I went into this expecting 50s sci-fi cheese and ended up with a side order of metaphysics.
Scott Carey (Grant Williams) gets exposed to a weird radioactive cloud while on vacation with his wife Louise (Randy Stuart). That cloud triggers a weird biochemical reaction in Scott such that he starts…well, shrinking. First his pants start feeling looser, then he notices he’s shorter and lost several pounds. Doctors are stumped; the most they can do is slow the rate of Scott’s illness. Gradually he shrinks to the size of a child, then a doll, and then an insect, with each change in size bringing on new dangers and new challenges.
So that was the bit I knew about. I knew there would be a scene where the family housecat chased him, and that I’d get to see some slightly dippy special effects and scenes with Grant Williams fighting a rubber spider or something while wielding a comedically-oversized sewing needle as a sword. To be fair, too, for 1950s technology the special effects weren’t bad – there were a few instances of forced perspective illusions, like they used in some Lord Of The Rings scenes, and any scene where Scott is interacting alone with his larger world just scales up everything. Only a couple bits where footage of a tiny Scott superimposed on a scene with larger people seemed creaky and fuzzy, and I actually wonder if I’d have even noticed if I hadn’t been watching on a big-ass 21st Century TV.
The thing is, I was expecting the plot to be similarly cheesy, with a plethora of hair-raising escapes and Scott MacGuyvering himself weapons out of paper clips and thread – capped off by a last-minute medical breakthrough which allows Scott to start growing again. I got some of that – but I got a lot more philosophical musing from Scott as he struggles to adjust to his new reality. His marriage to Louise suffers – Scott just feels weird around her when he’s only up to her waist – and for a time he contemplates an affair with a little person working at the local sideshow, until his disease progresses and he turns even smaller. His narration for the battle with the spider is all about his war with the spider for food (a piece of stale cake that Louise absent-mindedly left behind). And at the very end, right when it seems certain that Scott is going to continue to shrink away to nothing, he has a lengthy epiphany about his ultimate place in the order of the universe, and things get….Zen.

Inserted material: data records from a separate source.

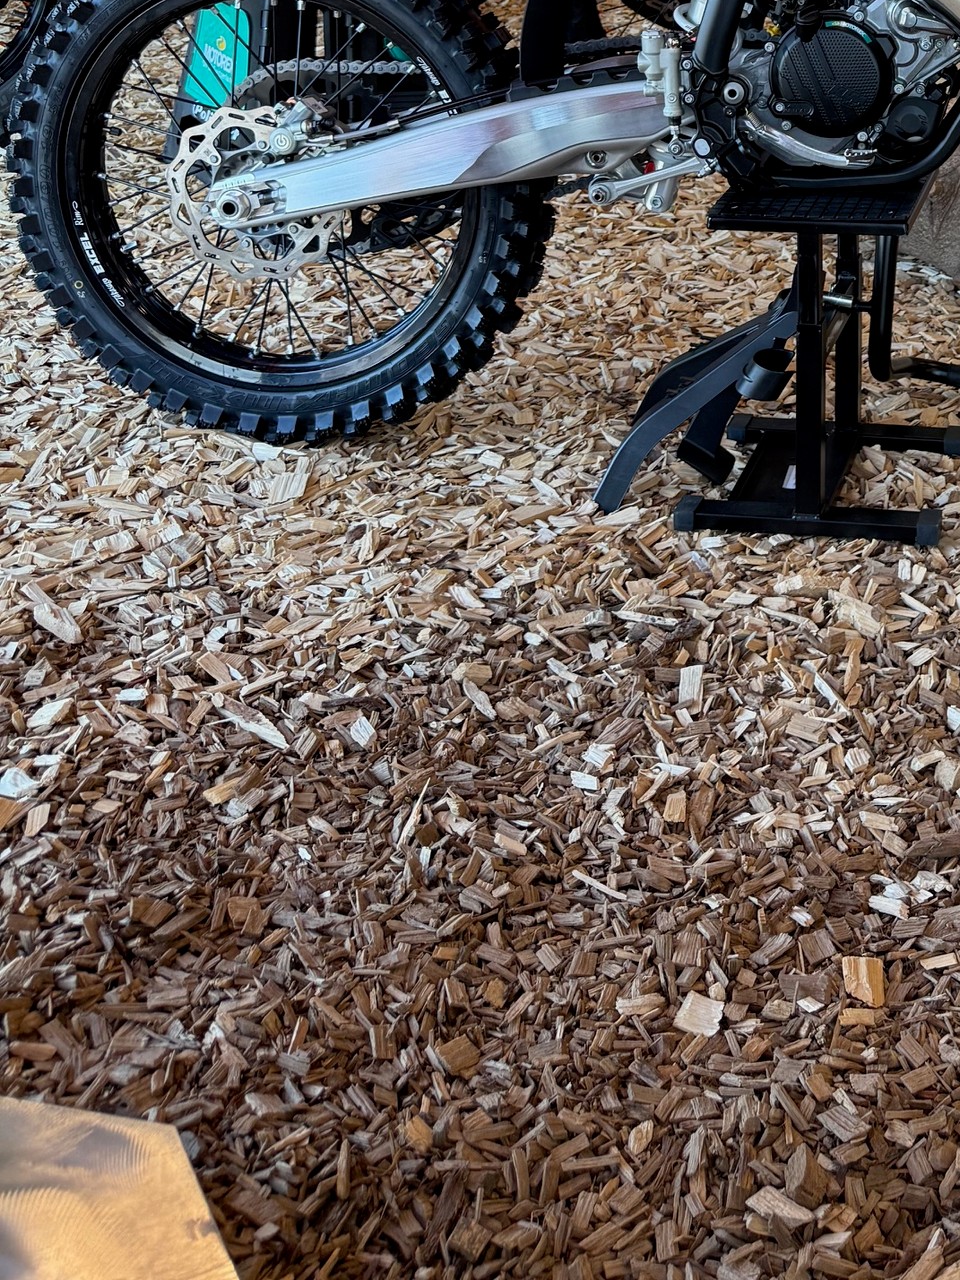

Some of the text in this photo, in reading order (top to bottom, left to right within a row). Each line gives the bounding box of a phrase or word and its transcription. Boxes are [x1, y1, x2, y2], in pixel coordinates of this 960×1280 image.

[204, 43, 234, 74] MOTORE
[72, 200, 84, 226] Rim
[80, 231, 106, 276] EXCEL
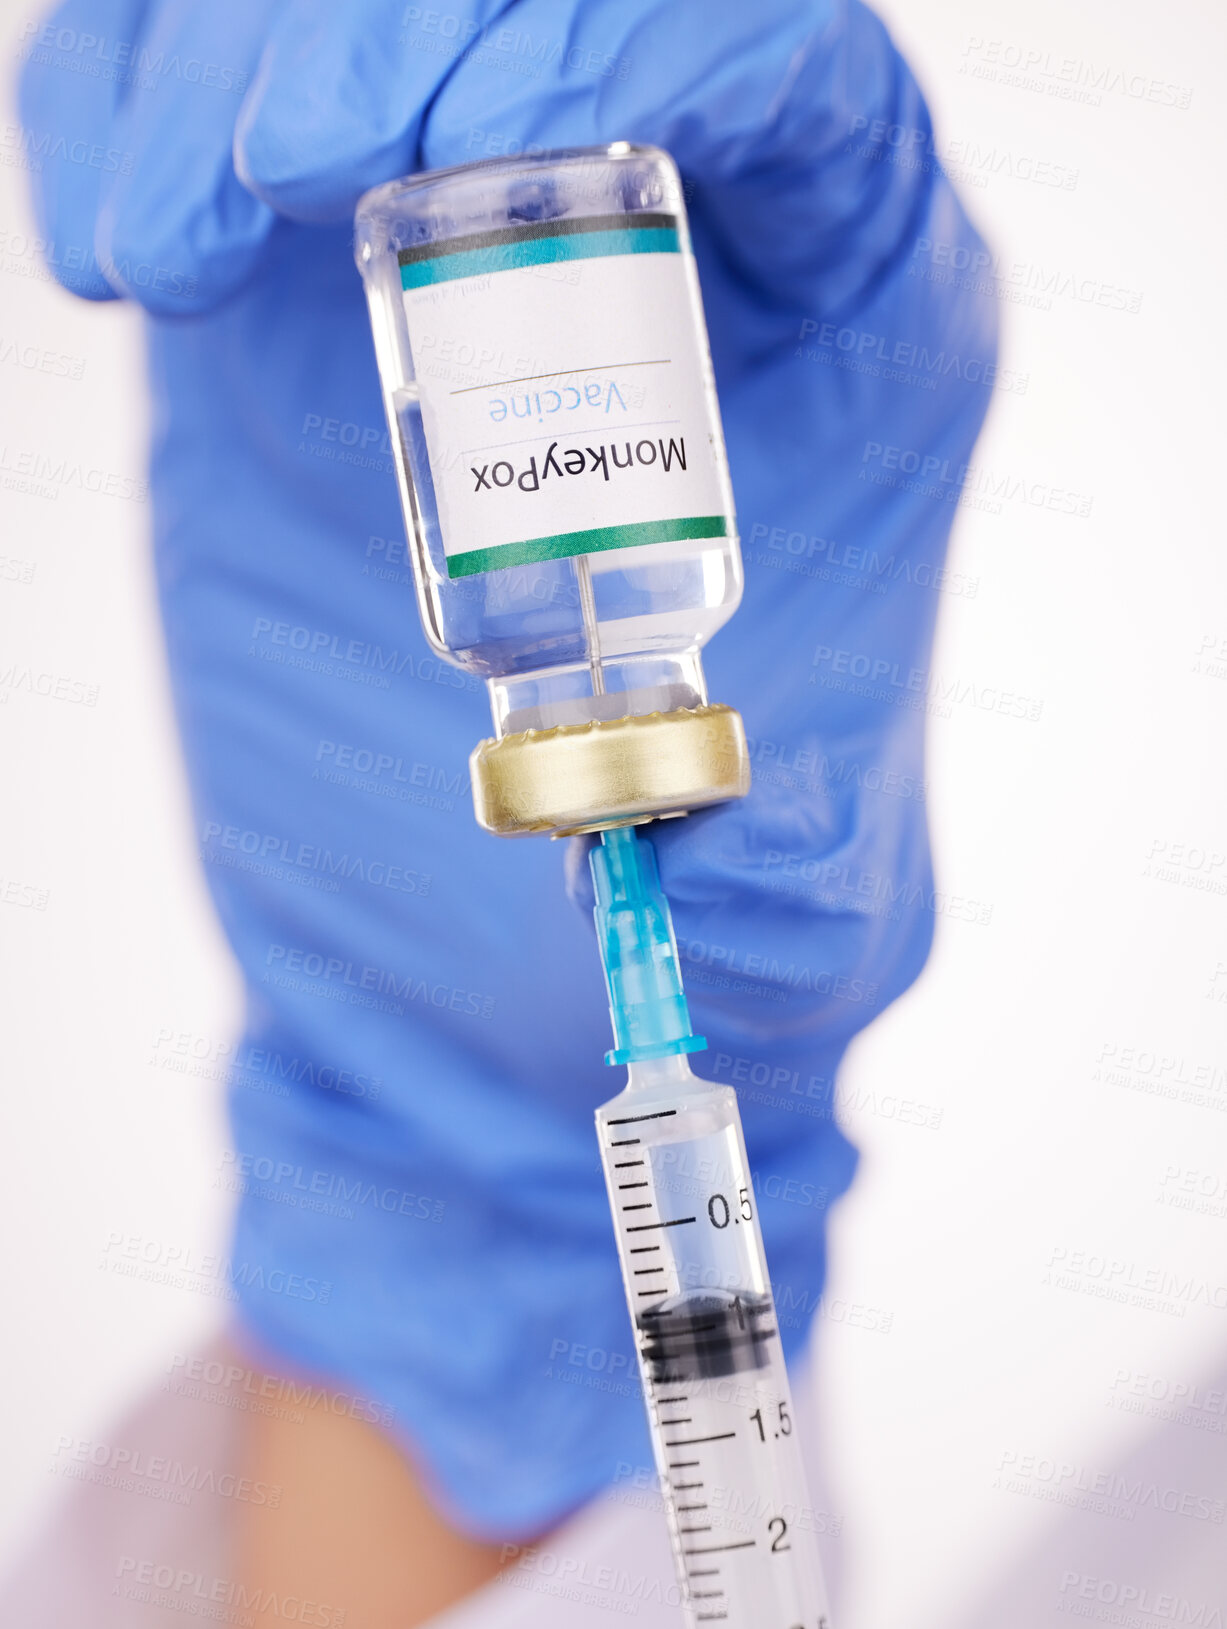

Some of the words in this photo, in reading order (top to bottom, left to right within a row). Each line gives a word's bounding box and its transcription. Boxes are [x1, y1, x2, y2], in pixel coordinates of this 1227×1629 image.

[488, 381, 629, 423] Vaccine
[470, 437, 687, 491] MonkeyPox
[707, 1188, 753, 1229] 0.5
[728, 1296, 745, 1331] 1
[750, 1401, 793, 1443] 1.5
[767, 1517, 791, 1554] 2

When I learned that this was based on a work by Richard Matheson, the metaphysical bent made total sense. Matheson’s written several novels and short stories – some sci-fi, some not – which examine some fairly deep questions about fate, time, and the natural world, and Mankind’s relationship to all. He’s probably best known for I Am Legend – which has a very, very different ending than one it got in the 2008 movie adaptation starring Will Smith. That film is about the survivor of a plague which has turned everyone else into vampire-like creatures, but he’s ultimately discovered a vaccine and sends it to a distant small town where other survivors are holed up in safety, ready to start fighting back. But in Matheson’s book, our survivor ultimately realizes that these vampires have a great deal of “humanity” to them, and are now the dominant species, and he has now become their boogieman after a years-long campaign of trying to fight them off.
Matheson deals in the kind of heady sci-fi which is actually my jam. What threw me, though, was seeing that coming after the kind of special effects I associate with…less intellectual works. It knocked me for a loop immediately after watching – but after digesting things a little, I almost want to watch it again.